Go (coco)nuts for this boozy Lamington recipe!

It’s a topic for heated debate, but wherever the not-so-humble Lamington was invented, whether Australia (the home of our delicious August Gin of the Month) or New Zealand, the winning formula remains the same: a light sponge sandwiched together with jam, dipped in chocolate and adorned with flakes of coconut. Delicious! Here, we’ve made it even more scrumptious with the addition of, oh yes, gin. Enjoy!


Lamingtons with Gin Jam

For the cake:
3 eggs
200g caster sugar
¼ tsp salt
1 tsp vanilla extract
50g cornflour
180g plain flour
1 tsp baking powder
200g butter, melted

For the icing:
180g dark chocolate
40g butter
½ cup full fat milk
1 tbsp cocoa powder
300g icing sugar
250g desiccated coconut

For the Gin Jam (optional):
300g raspberries
200g jam sugar
Juice of ½ a lemon
50ml gin

For the Gin Jam:
Place a plate in the freezer, then mix the fruit, sugar, lemon juice and a little water in a heavy bottom saucepan and warm over a low heat, stirring occasionally until the sugar has dissolved. Bring the pan to a rolling boil for 6 minutes, then remove from the heat.

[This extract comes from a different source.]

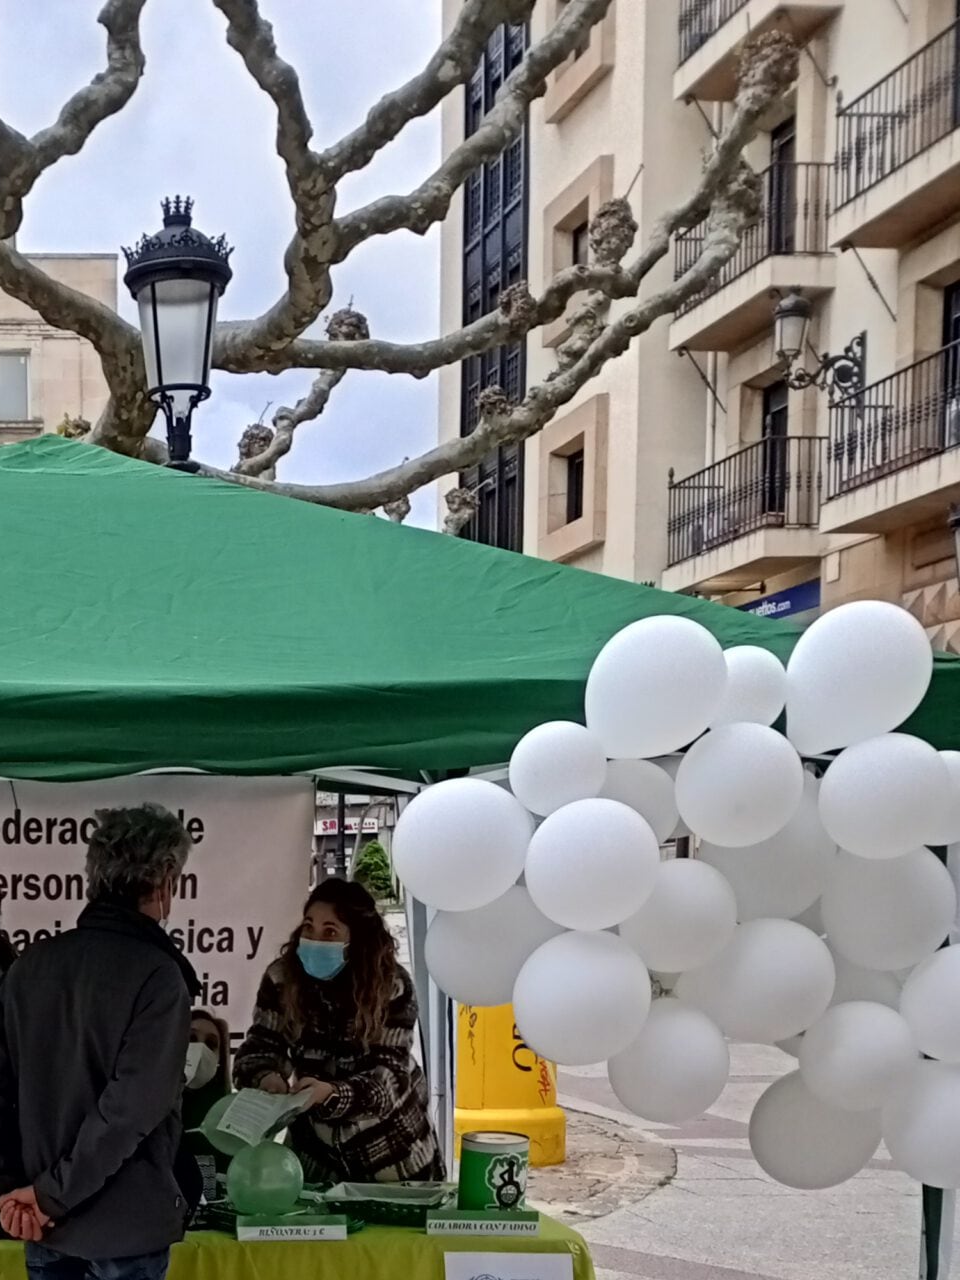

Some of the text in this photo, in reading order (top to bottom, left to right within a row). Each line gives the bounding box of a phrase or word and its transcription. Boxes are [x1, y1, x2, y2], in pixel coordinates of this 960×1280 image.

Place a drop of jam on the chilled plate, then return to the freezer for a minute. Run your finger through the jam – if it wrinkles and feels gel-like it’s ready to use, if not return to the heat for another 2 minutes.

Allow the jam to cool for 10 minutes, then stir in the gin. Pour into a sterilised jar.

For the Lamingtons:
Preheat the oven to 180c. Grease and line a 12”x9” rectangular cake tin with baking parchment.

Using an electric mixer, whisk together the eggs, sugar and salt on high speed for around 5 minutes, until the mix is thick and forms a ribbon that momentarily stays on the surface when the whisk is pulled out.

Add the vanilla, then sift in a little of the cornflour and flour, gently folding in. Alternate with the milk, until both have been incorporated. Fold in melted butter until no streaks are showing. Be careful not to overfold.

Pour the batter into your prepared pan and bake for 30-35 minutes, until a skewer comes out clean. Leave to cool for 5 minutes, then turn onto a wire rack.

Once cool, use a serrated knife to slice off the ends, then slice the rectangle in half. Spread a thick layer of jam on top of one, and sandwich the two together. If you’d like smaller lamingtons, you can slice your rectangle in half horizontally through the middle instead, and sandwich these two halves together. Cut the cake into squares, and place into the freezer for at least an hour in an airtight container.

To make your glaze, melt the chocolate, butter and milk together in a heatproof bowl on top of a saucepan of boiling water. Whisk until smooth, then remove from the heat.

Mix in the icing sugar and cocoa powder, then add a tablespoon at a time of warm water until the glaze has loosened – you want it to be runny enough to dip the lamingtons, but thick enough for some to remain on the cakes.

Pour your desiccated coconut into another bowl, then dip the lamingtons into the chocolate. You may find it easier to use a spoon to pour the glaze over all the sides. Wipe the excess off the lamington, then toss them around in the bowl of coconut until they are fully covered.

Place the lamingtons on a wire rack and leave to set for an hour. Enjoy with a large G&T!